It is long past time for prosecutors to deal with the George Norcross’s of the world and crack down on boss-led political crime with the same ferocity that they attack mob-led street crime. The citizens of New Jersey and the nation will not long tolerate the tyranny of the new corporate Tammany Hall. That the New Jersey Attorney General refused to indict Norcross when two members of his own party offered to testify that Norcross bribed them is an outrage. Even more contemptible is the Attorney General’s refusal to release hundreds of additional hours of tapes (only ninety minutes were made public), allowing citizens, finally, to listen to how their own leaders enrich themselves and their corporate benefactors at the expense of taxpayers. The Justice Department should move with a bi-partisan coalition of U.S. Attorneys from New York and Pennsylvania to jointly subpoena Norcross and the other bosses before a Grand Jury now that U.S. Attorney for New Jerey Chris Christie has refused to indict. At the very least, Boss Norcross and his brethren should be brought in for questioning. The new Tammany Hall must fall. The Untouchables Group recently moved before the U.S. Third Circuit Court of Appeals to allow citizens to directly present evidence of crimes to Grand Juries. We will keep you posted. Carl J. Mayer, an attorney, is the author of “Shakedown: The Fleecing of the Garden State.” He is a former professor at Hofstra Law School and former Special Counsel to Attorney General Eliot Spitzer. As a town councilman in Princeton, he was featured on the news program Sixty Minutes for going undercover to fight corruption in New Jersey.
Codey
Codey could still cut a deal with Kean to keep himself the Senate President, but that comes at a price. Codey wants t obe governor one day and he'll need Norcross. But the right thing to do would be to cut that deal. Sweeny is a thug and as we all know Norcross controls him, this is very bad news
Done Deal
Take Norcross down. He has to go to jail yesterday. He is destroying the state and the people who live here. He is this dark cloud that is only looking out for his own people and his own personal wealth. He is going to use people to butter up to Christie and defame those who could be his ally. He’ll then throw him under the bus like he did McGreevy, Corzine and Codey. He works with these local political parties that abuse the system and create havoc and division among the community and within the organization.

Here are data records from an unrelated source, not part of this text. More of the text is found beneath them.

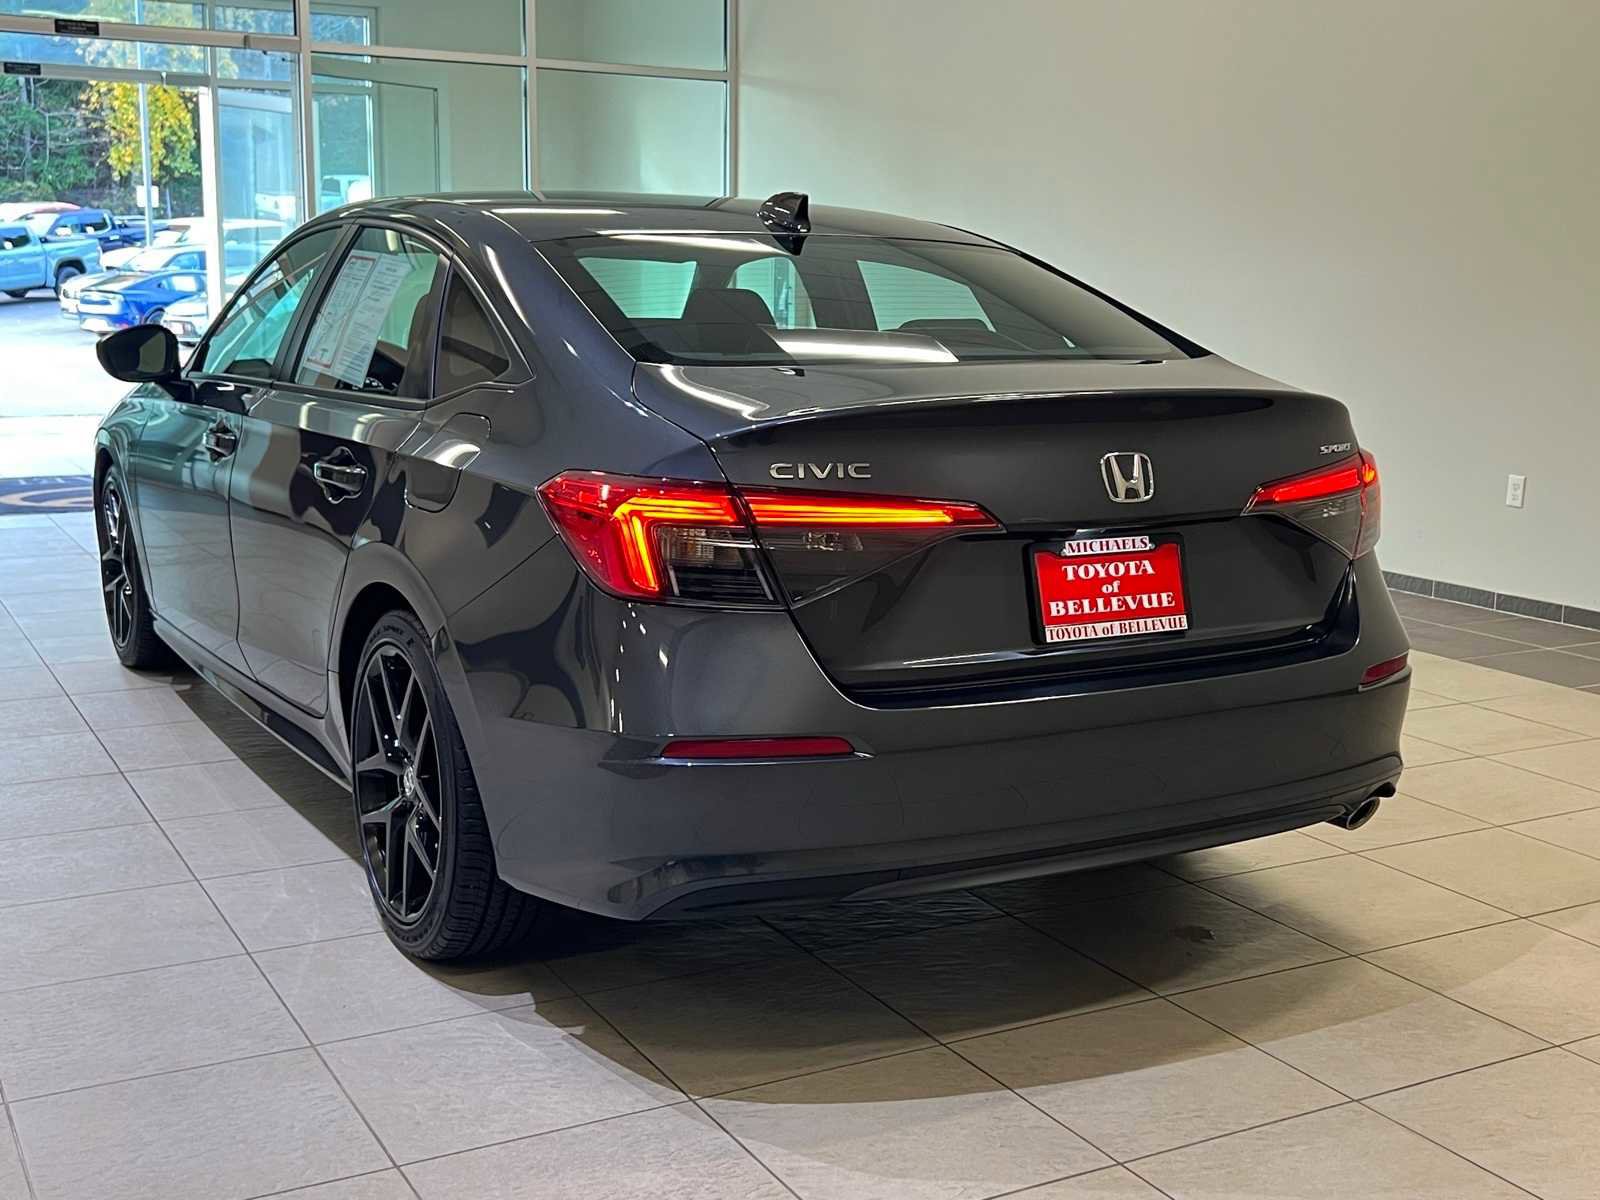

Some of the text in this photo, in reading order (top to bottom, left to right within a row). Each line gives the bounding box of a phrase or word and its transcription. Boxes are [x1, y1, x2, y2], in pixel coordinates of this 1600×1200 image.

[769, 463, 872, 478] CIVIC
[1066, 537, 1149, 554] MICHAELS
[1062, 560, 1155, 581] TOYOTA
[1101, 580, 1120, 594] of
[1048, 592, 1176, 617] BELLEVUE
[1047, 617, 1187, 641] TOYOTA of BELLEVUE

If they continue allowing this danger to roam the state, NJ will fall deeper into the hole and Christie will be the bad guy while Norcross remains in the background like a snake.
You want to knock this guy off his arrogant feet; #1 Arrest Norcross #2 Codey should work with the Republicans and keep Sweeney out. Christie can then fix this broken state, otherwise, expect the Middle Class to fall right to the bottom like Camden, NJ, a city that is in Ruins thanks to Norcross and his recycled elected officials.

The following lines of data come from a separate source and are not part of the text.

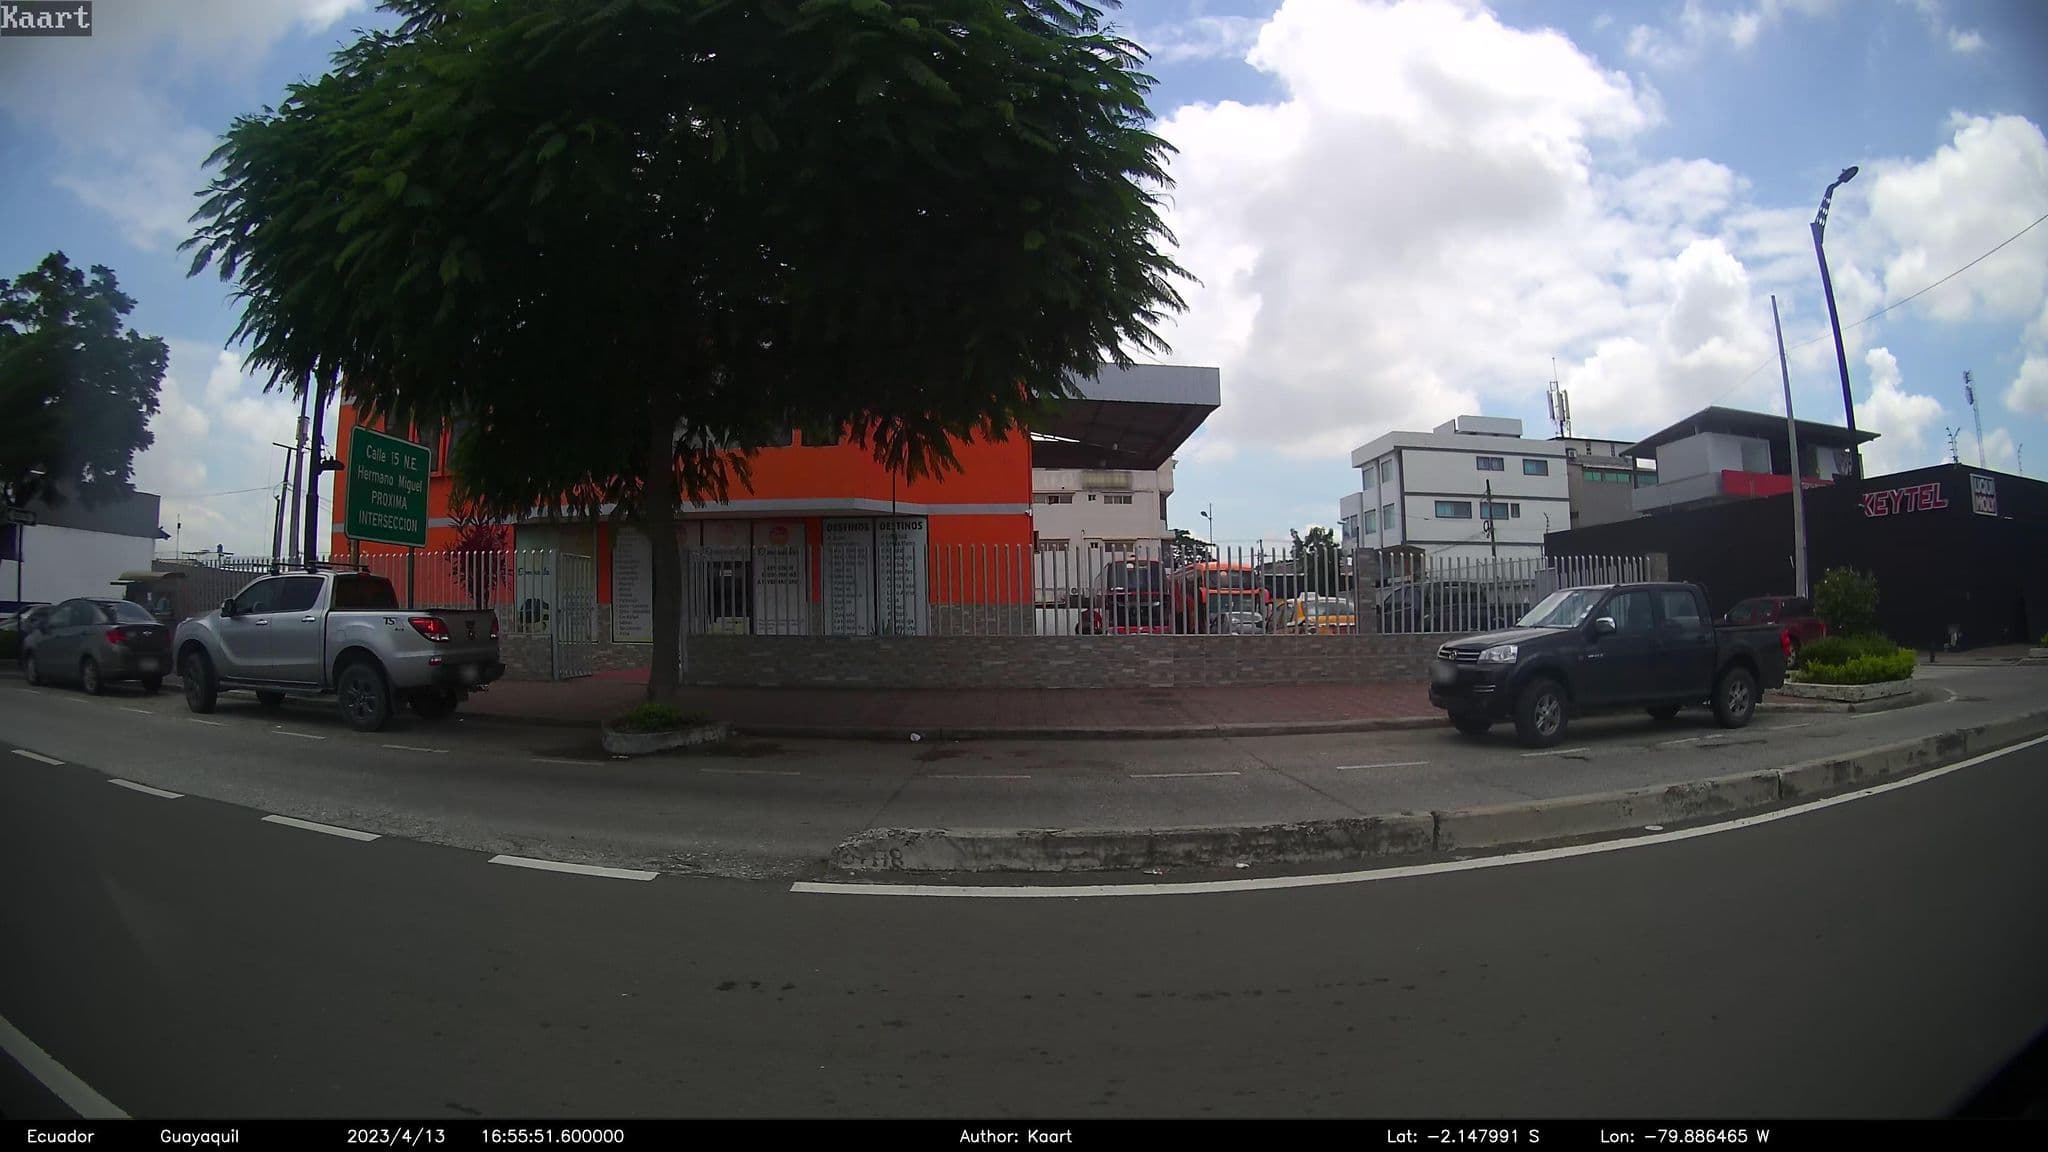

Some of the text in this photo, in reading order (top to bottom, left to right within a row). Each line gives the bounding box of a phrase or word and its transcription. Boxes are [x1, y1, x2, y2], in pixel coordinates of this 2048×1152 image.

[366, 444, 386, 462] Calle
[357, 465, 423, 494] Hermano Miguel
[371, 490, 408, 510] PROXIMA
[1862, 482, 1948, 517] KEYTEL
[358, 510, 418, 532] INTERSECCION

South Jersey has so much corruption and no accountability. Nobody is investigating or Auditing these towns that reek with corruption. School boards and Municipalities that have taken the money and ran off to places like Florida. If you want to fix New Jersey, put Norcross away with Bryant and the rest of the corruption and get Codey and the Republicans together.
Keep Sweeney out or he will be your next Political Problem. If not, watch this state go to Hell and a Hand Basket.
No Real Leaders with a Back Bone
How can all these leaders allow this one 57 year old man to run them?
Will somebody step up to the plate and show some Back Bone.
Bully
WOODBURY - A Gloucester County government employee claims state Sen. Steve Sweeney sexually harassed her and had her suspended from her job in retaliation for her rejection of his advances and her opposing him politically.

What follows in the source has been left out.